Over 300 malicious Android applications downloaded 60 million items from Google Play acted as adware or attempted to steal credentials and credit card information.

The operation was first uncovered by IAS Threat Lab, who categorized the malicious activity under the name “Vapor” and said it has been ongoing since early 2024.

IAS identified 180 apps as part of the Vapor campaign, generating 200 million fraudulent advertising bid requests daily to engage in large-scale ad fraud.

A newly published report by Bitdefender increased the number of malicious apps to 331, reporting many infections in Brazil, the United States, Mexico, Turkey, and South Korea.

“The apps display out-of-context ads and even try to persuade victims to give away credentials and credit card information in phishing attacks,” warns Bitdefender.
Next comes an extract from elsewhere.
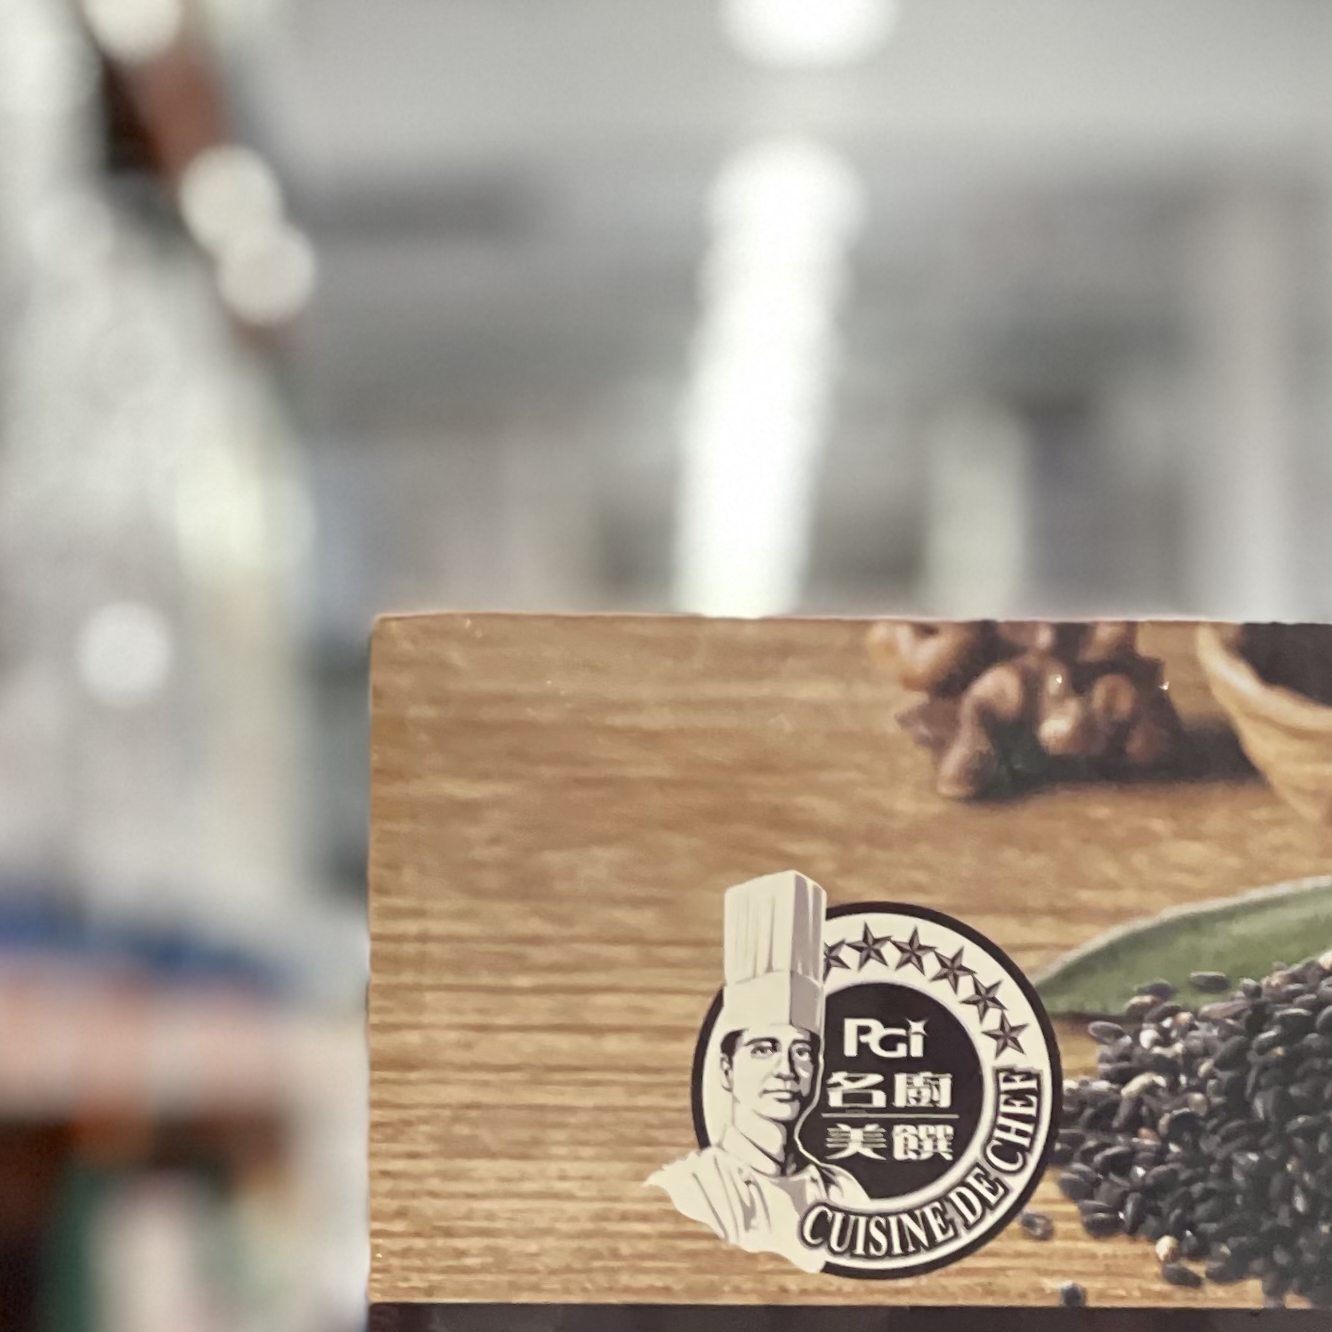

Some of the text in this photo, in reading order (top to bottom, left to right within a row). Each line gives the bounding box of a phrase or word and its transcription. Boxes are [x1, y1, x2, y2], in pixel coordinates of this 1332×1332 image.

[803, 1071, 1039, 1256] CUISINE DE CHEF
Although all of these apps have since been removed from Google Play, there’s a significant risk that Vapor will return through new apps as the threat actors have already demonstrated the ability to bypass Google’s review process.

Vapor apps on Google Play

The apps used in the Vapor campaign are utilities offering specialized functionality like health and fitness tracking, note-taking tools and diaries, battery optimizers, and QR code scanners.

The apps pass Google’s security reviews because they include the promoted functionality and do not contain malicious components at the time of submission. Instead, the malware functionality is downloaded post-installation via updates delivered from a command and control (C2) server.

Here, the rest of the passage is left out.